Coquette Turns 19

    Unfortunately, Coquette woke up that morning and even before brushing her teeth shouted "Yes oh yes."  This had several direct results.  It woke Coquette's man of the hour, who moaned "Susan oh Susan" and reached all-inclusively for her torso.  Big-handed in sleep, he was, although Coquette did not, indeed could not, have known this.  It was an intriguing affair with many secrets.

    Now, this is not exactly what Coquette had in mind, but she arched, sighed and submitted, slightly grateful for the time it gave her to calculate.  Coquette could never be called a thinking woman, nor a thinking anything, for that matter; but she calculated brilliantly and hiddenly behind that face.  That face:  a million sparkles and dark, dry gleamings that could sometimes be glimpsed, late at night, unleering, forgiving.  And above all, Coquette knew, practically, everything.

    It did not matter, for that matter, that Coquette was a beautiful girl.  I mean, we mean that everyone was nice to Coquette.  I repeat:  everyone was nice to Coquette.  But you know and I know that niceties of adoration, nice and interesting through they may be, are trite.  Boring, one might even say.  There was a sore on Coquette, easily distinguishable from the rest of her.  The doctor shook his head resignedly.  "Too much touching."  Two unique things about Coquette:  she didn't breathe very much, and she never bruised.  This fascinated people. 

    Coquette was not now, nor indeed had she ever been, what one could term a "cry-baby."  Even at eighteen, she exhibited a stoicism unmatched in the locality.  The bombs never bothered her, or polite laughter, or really anything.  She had ceased to be amazed.

    "You never talk," said Coquette, blatantly.  It came at an inopportune time.

    "Hell, I've only been here twenty moments," he replied, irritated in spite of her youth and glowing good looks.

    Restless she was.

    "Maybe a little music would be right," she countered, hoisting herself off him with a small ripping noise.

    He looked at the ceiling angrily.  "You seem distracted," he said,  by way of conversation, and tapped his cigar over the bed.  A large conical pile of cigar and cigarette ashes squatted undisturbed in the exact center of things.  It was a monument sacred to Coquette, and Coquette alone.  To her,  it was an objective measure of success.
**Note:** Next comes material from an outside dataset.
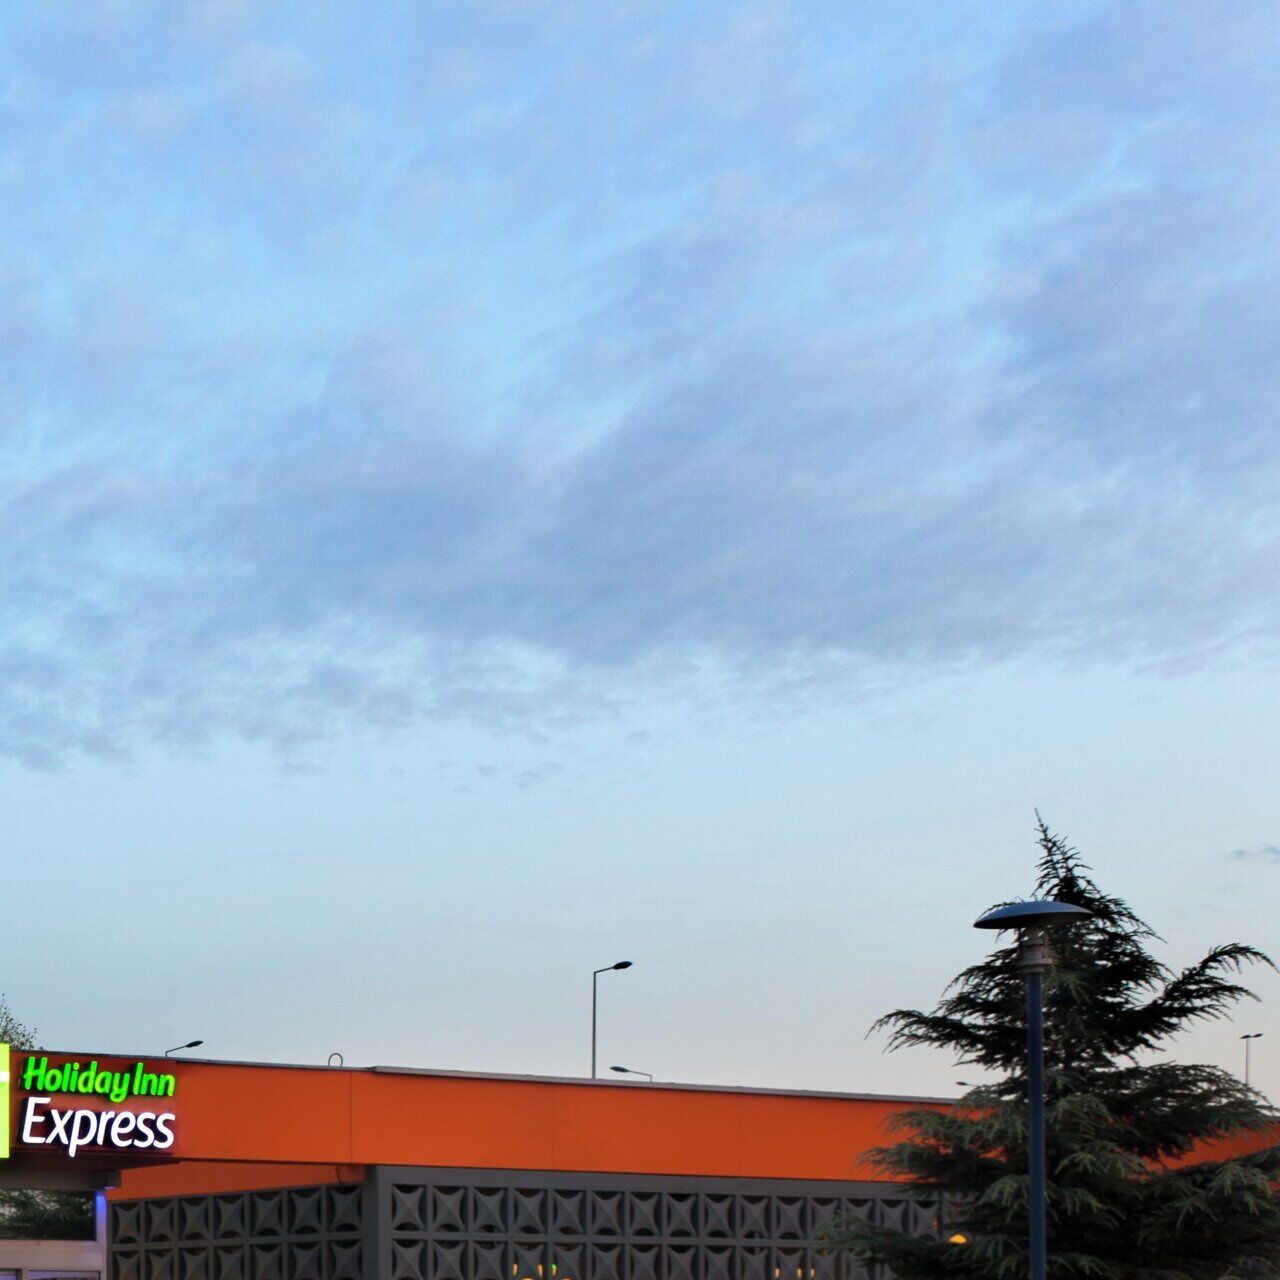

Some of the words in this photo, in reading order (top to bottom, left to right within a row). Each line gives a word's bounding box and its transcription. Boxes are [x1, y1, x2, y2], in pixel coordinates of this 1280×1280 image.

[23, 1056, 131, 1103] Holiday
[132, 1062, 176, 1097] Inn
[22, 1096, 176, 1158] Express
    Although she was only almost nineteen, Coquette was resigned.  It muse be admitted that there was a certain amount of gaiety in her resignation, couched as it was in cute, lisping, cordial, open terms.

    "You're beautiful, Marie," he shouted at her as she emerged from the bathroom.  It was a gracious geture of reconciliation on his part, but he had not plumbed the depths of her pride.

    She languished over to the bed.  There is no doubt that Coquette is sultry.  Also desultory.  "If only J. P. or Don were here.  Yes oh Yes."  He reached for her.

    Coquette has a comprehensive comprehension of many things in her environment.  Her environment consisted of five wooden crates held together by narrow strips of tape.  It was magic tape, sticky on both sides.  In her little place, Coquette was able to dissemble.  She took out her heart and placed in on the personally-engraved shelf that God had made for it there.  She took off her right leg and placed it to soak in brine, so that it would be ready for the morrow.  She took several mincing steps around the place, breathing deeply, as if freed from some debt.  She stripped her hands of watches and rings and playfully made as if to eat them.  She took her long delicate fingers and arranged them attractively in a low-slung bowl.  Putting a few finishing touches to her toilet, she flushed it.

    Clarence held his hand out to her from the silken coverlet.  She obediently trotted over to him.  Covering her body as far as the eye could see was a skin.  It was like a manuscript waiting for a translator to comprehend it.  He graped at the slim line that was her waist, and smoothed his hand across her back.  He pulled her down to him and kissed her.  Her lips were like slick magazine pages, that unfolded and enfolded him, in a resounding display of affection very unlike Coquette.  He brushed off the silver power that clung touchingly to his hands.

    "What's gotten into you, Elsa?  You're not yourself."

    This was partly true.  Coquette had changed radically after the war.  Her life had been full of ups and downs, and it showed on her face, especially in the eyes.  Her eyes were empty until she put them on in the morning.  People, especially young impressionable boys, were apt to confuse her with Homer.  She shook her cool head modestly at what she considered undue praise.  "Sagacious Homer," she said, "would never have been resigned to Veal Scallopini at this small intimate place on Fifth Avenue with garlic."  Wisdom spilled from her mouth like spittle.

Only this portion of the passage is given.